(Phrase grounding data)
━━━━━━━━
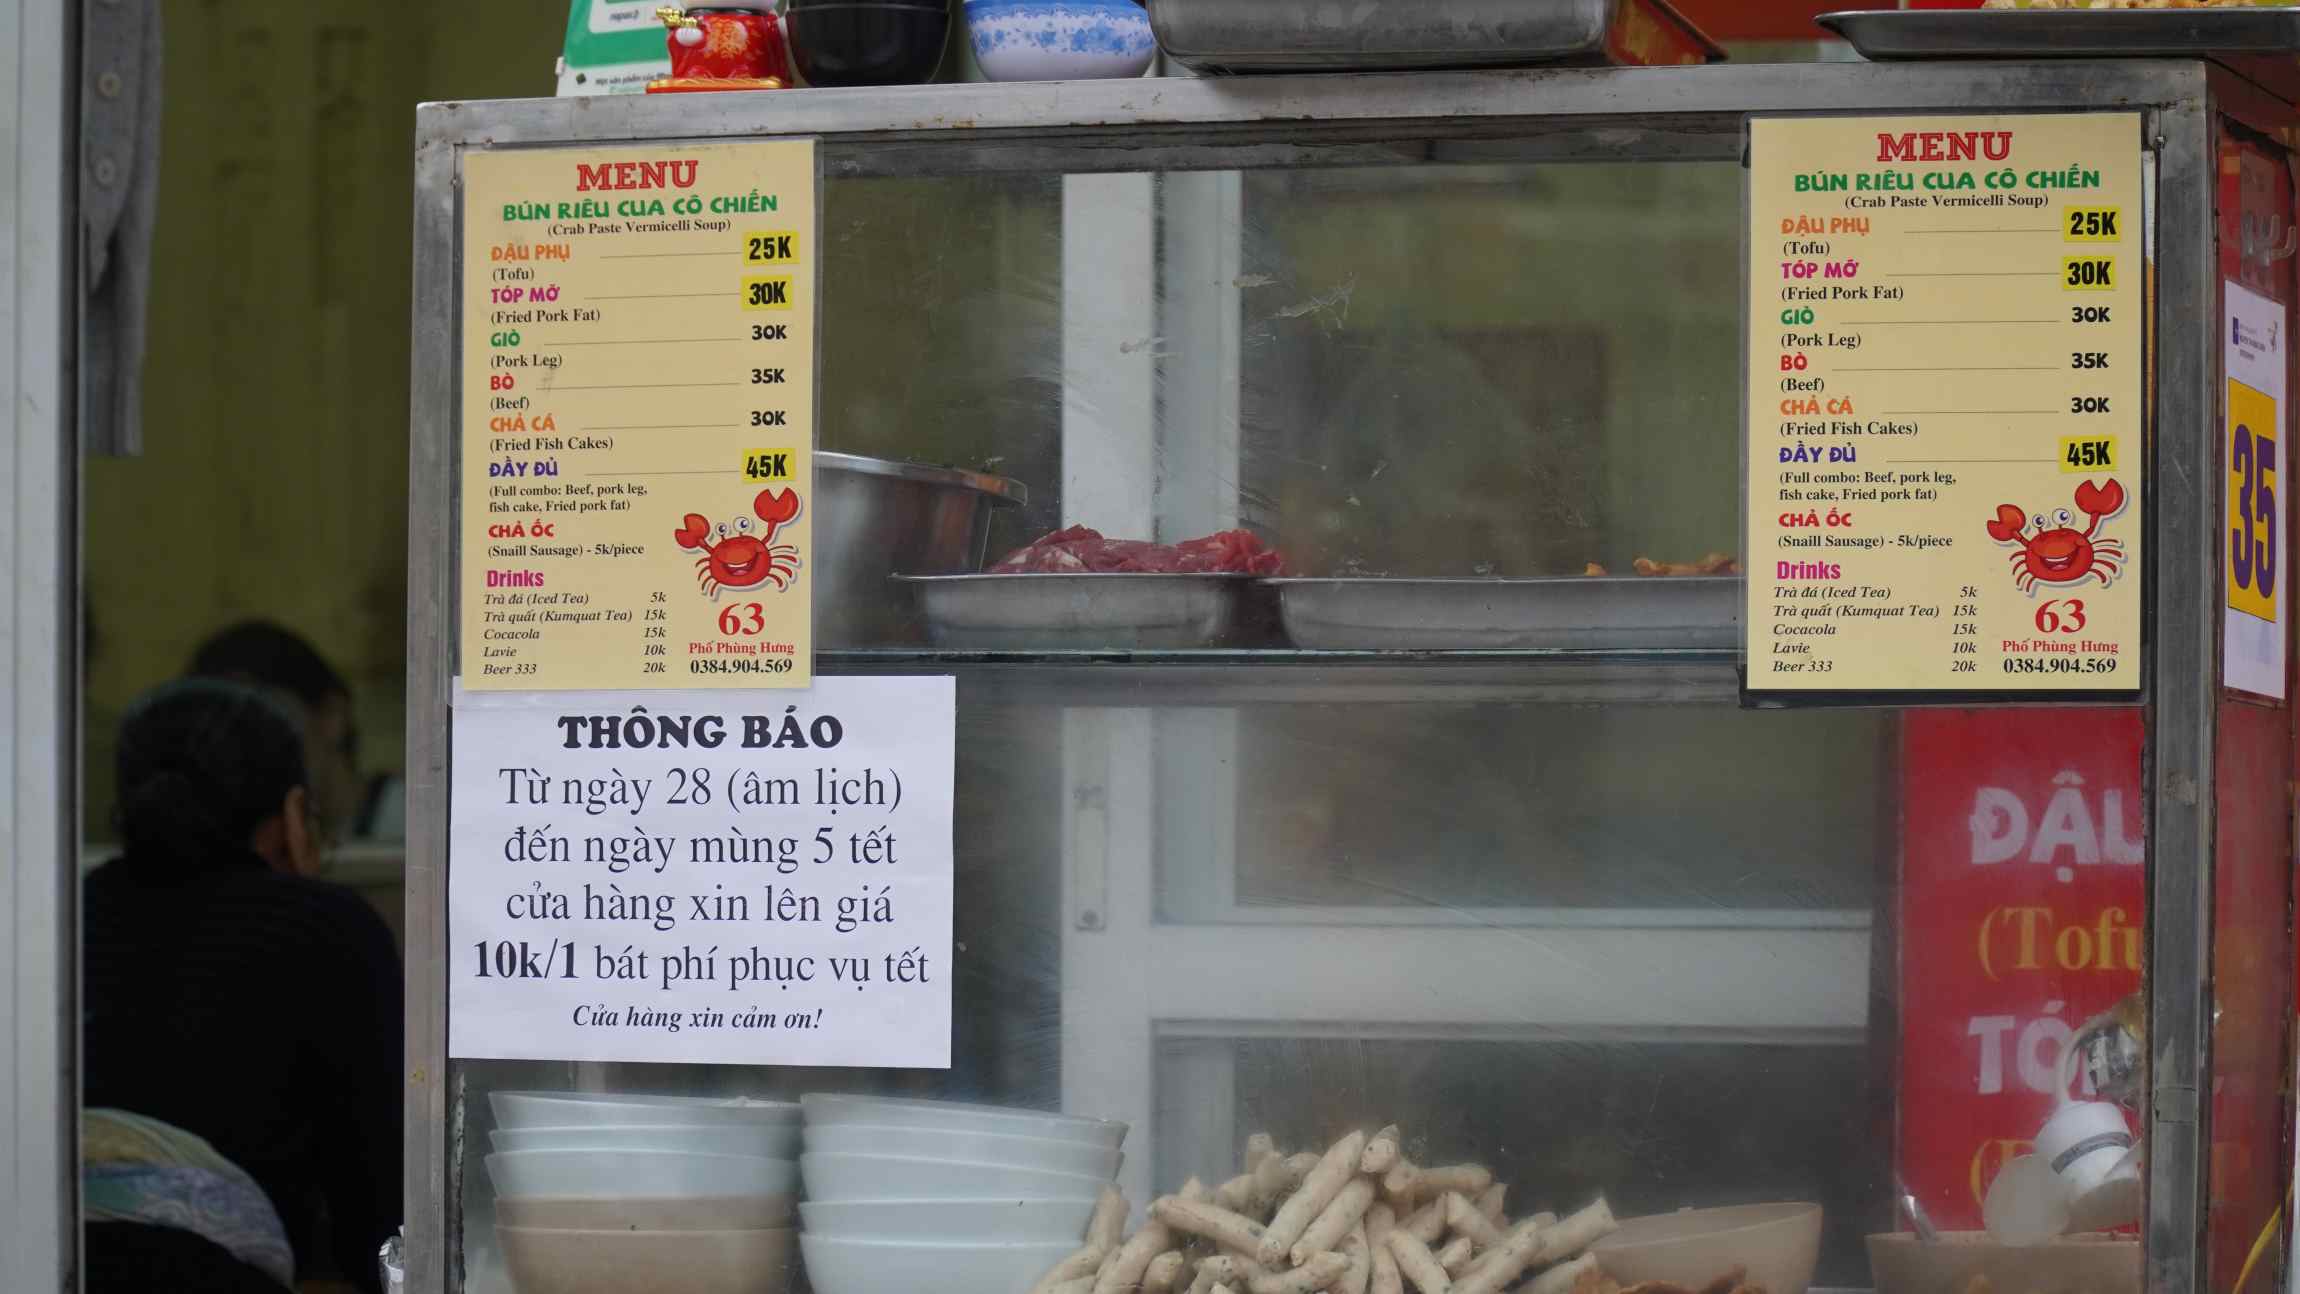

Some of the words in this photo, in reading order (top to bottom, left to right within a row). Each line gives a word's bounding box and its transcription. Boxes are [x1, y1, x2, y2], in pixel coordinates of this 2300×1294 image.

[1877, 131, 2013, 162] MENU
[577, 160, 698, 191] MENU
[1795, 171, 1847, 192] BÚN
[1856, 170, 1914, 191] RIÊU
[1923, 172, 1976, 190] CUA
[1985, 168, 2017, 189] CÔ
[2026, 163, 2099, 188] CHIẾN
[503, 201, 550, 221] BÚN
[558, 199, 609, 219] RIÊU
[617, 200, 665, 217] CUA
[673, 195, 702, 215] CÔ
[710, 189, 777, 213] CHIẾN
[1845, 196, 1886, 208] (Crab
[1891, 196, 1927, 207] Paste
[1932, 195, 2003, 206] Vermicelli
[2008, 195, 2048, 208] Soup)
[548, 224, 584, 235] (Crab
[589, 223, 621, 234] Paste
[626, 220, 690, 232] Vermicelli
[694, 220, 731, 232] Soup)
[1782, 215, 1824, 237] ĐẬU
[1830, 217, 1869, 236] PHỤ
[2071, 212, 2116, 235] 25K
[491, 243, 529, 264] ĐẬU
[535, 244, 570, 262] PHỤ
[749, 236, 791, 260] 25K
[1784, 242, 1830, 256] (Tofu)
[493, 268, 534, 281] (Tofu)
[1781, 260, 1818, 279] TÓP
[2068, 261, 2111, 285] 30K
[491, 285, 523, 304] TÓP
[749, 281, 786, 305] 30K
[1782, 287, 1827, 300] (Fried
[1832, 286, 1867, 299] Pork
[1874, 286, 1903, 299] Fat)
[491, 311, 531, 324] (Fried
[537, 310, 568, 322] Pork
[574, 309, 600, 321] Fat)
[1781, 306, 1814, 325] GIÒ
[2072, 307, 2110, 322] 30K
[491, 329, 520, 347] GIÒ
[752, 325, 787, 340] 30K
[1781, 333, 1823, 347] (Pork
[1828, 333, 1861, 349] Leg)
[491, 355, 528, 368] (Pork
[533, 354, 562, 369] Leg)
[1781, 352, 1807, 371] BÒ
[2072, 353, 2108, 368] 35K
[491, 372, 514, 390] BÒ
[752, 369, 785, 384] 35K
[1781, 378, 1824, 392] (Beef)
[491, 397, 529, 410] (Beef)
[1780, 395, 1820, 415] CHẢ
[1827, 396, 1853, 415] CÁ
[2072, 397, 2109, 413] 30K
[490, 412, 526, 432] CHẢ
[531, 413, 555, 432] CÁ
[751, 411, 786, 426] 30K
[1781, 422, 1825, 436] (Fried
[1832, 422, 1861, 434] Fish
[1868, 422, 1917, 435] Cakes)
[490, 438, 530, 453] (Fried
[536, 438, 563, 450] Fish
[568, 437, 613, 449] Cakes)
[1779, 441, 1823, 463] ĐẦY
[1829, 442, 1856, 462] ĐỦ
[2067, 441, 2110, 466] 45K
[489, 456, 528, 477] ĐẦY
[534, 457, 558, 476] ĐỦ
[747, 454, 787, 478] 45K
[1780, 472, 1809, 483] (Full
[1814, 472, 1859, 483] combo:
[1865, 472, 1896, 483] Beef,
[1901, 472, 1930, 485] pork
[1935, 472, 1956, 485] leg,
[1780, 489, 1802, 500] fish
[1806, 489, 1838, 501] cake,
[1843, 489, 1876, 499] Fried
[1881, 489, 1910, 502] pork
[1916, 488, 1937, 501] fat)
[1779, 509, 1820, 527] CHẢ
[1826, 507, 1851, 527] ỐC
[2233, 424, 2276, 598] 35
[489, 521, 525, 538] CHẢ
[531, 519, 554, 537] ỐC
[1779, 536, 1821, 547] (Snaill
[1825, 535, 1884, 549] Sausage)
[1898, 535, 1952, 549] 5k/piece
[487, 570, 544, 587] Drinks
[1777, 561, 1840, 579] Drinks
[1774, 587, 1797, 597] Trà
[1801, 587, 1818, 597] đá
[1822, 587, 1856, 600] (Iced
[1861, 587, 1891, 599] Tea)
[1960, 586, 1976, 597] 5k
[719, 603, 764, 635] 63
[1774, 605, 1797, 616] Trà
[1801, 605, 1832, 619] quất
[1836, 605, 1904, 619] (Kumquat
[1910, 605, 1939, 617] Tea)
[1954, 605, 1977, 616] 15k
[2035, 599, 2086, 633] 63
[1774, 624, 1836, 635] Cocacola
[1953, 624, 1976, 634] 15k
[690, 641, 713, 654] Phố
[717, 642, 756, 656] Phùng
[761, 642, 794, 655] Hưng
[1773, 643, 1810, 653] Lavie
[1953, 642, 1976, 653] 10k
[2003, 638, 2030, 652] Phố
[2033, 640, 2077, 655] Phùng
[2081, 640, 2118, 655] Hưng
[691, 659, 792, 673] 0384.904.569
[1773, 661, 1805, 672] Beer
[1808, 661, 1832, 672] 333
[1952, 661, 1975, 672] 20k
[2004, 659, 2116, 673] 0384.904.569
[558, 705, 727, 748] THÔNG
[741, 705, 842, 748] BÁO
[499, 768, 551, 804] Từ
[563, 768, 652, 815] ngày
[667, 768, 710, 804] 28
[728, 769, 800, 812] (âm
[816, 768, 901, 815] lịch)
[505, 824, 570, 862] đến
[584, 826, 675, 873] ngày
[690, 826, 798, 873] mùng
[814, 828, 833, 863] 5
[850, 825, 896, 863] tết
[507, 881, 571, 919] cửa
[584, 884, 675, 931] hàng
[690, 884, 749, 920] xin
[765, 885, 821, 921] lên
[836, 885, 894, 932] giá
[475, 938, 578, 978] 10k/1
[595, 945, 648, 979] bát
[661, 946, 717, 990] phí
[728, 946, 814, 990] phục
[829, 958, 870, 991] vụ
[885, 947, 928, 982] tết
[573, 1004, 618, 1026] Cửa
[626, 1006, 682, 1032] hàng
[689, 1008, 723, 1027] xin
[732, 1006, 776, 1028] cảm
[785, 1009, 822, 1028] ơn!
━━━━━━━━
▶ **About this exercise**:
Scan the entries for the word "ngày". Report each line that has it.

▶ **Worked solution**:
[563, 768, 652, 815] ngày
[584, 826, 675, 873] ngày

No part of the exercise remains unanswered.